» **Required action**:
Every record below is to be retyped exactly, with any pictures left out.

Given records below:

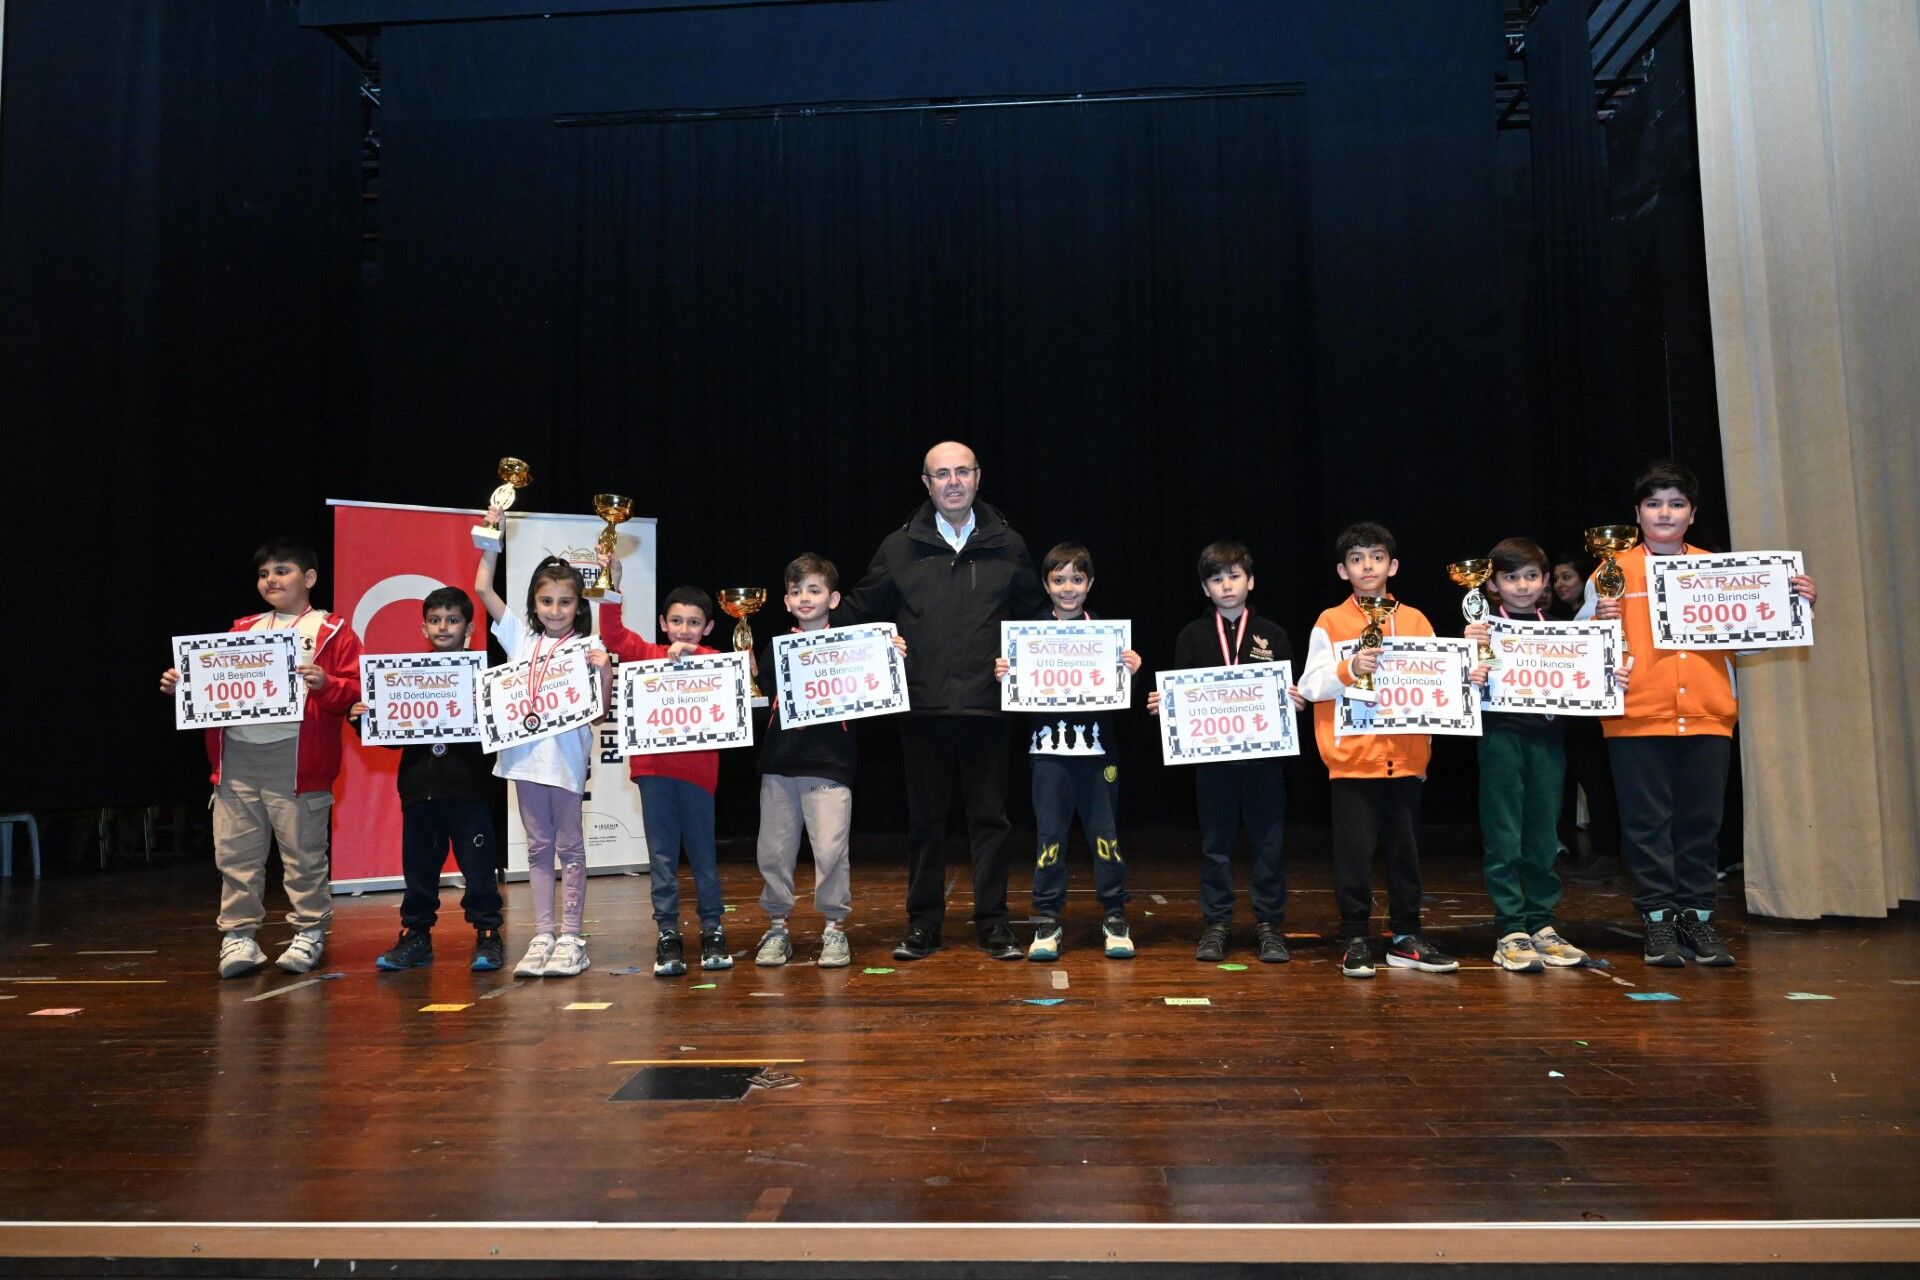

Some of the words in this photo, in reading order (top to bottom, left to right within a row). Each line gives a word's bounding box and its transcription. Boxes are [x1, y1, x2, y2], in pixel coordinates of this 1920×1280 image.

[1680, 573, 1771, 590] SATRANÇ
[1692, 594, 1714, 603] U10
[1717, 591, 1760, 602] Birincisi
[1682, 603, 1747, 624] 5000
[1503, 643, 1588, 657] SATRANÇ
[202, 652, 274, 668] SATRANÇ
[1036, 659, 1055, 667] U10
[1376, 659, 1447, 674] ATRANÇ
[1516, 659, 1537, 667] U10
[1540, 658, 1575, 669] İkincisi
[213, 671, 225, 681] U8
[228, 670, 266, 681] Beşincisi
[386, 674, 460, 687] SATRANÇ
[815, 669, 828, 678] U8
[1030, 669, 1083, 687] 1000
[1392, 675, 1442, 686] Üçüncüsü
[1501, 669, 1564, 688] 4000
[204, 680, 256, 701] 1000
[646, 676, 722, 693] SATRANÇ
[805, 676, 858, 699] 5000
[389, 692, 402, 700] U8
[403, 691, 457, 699] Dördüncüsü
[511, 691, 523, 700] U8
[662, 697, 675, 706] U8
[678, 695, 709, 705] İkincisi
[1364, 687, 1424, 708] 000
[387, 701, 439, 720] 2000
[506, 692, 559, 721] 3000
[1189, 707, 1207, 716] U10
[1211, 704, 1265, 715] Dördüncüsü
[646, 705, 702, 726] 4000
[1190, 715, 1245, 737] 2000

End of Given records.

» **Response to this task**:
Some of the words in this photo, in reading order (top to bottom, left to right within a row). Each line gives a word's bounding box and its transcription. Boxes are [x1, y1, x2, y2], in pixel coordinates of this 1920×1280 image.

[1680, 573, 1771, 590] SATRANÇ
[1692, 594, 1714, 603] U10
[1717, 591, 1760, 602] Birincisi
[1682, 603, 1747, 624] 5000
[1503, 643, 1588, 657] SATRANÇ
[202, 652, 274, 668] SATRANÇ
[1036, 659, 1055, 667] U10
[1376, 659, 1447, 674] ATRANÇ
[1516, 659, 1537, 667] U10
[1540, 658, 1575, 669] İkincisi
[213, 671, 225, 681] U8
[228, 670, 266, 681] Beşincisi
[386, 674, 460, 687] SATRANÇ
[815, 669, 828, 678] U8
[1030, 669, 1083, 687] 1000
[1392, 675, 1442, 686] Üçüncüsü
[1501, 669, 1564, 688] 4000
[204, 680, 256, 701] 1000
[646, 676, 722, 693] SATRANÇ
[805, 676, 858, 699] 5000
[389, 692, 402, 700] U8
[403, 691, 457, 699] Dördüncüsü
[511, 691, 523, 700] U8
[662, 697, 675, 706] U8
[678, 695, 709, 705] İkincisi
[1364, 687, 1424, 708] 000
[387, 701, 439, 720] 2000
[506, 692, 559, 721] 3000
[1189, 707, 1207, 716] U10
[1211, 704, 1265, 715] Dördüncüsü
[646, 705, 702, 726] 4000
[1190, 715, 1245, 737] 2000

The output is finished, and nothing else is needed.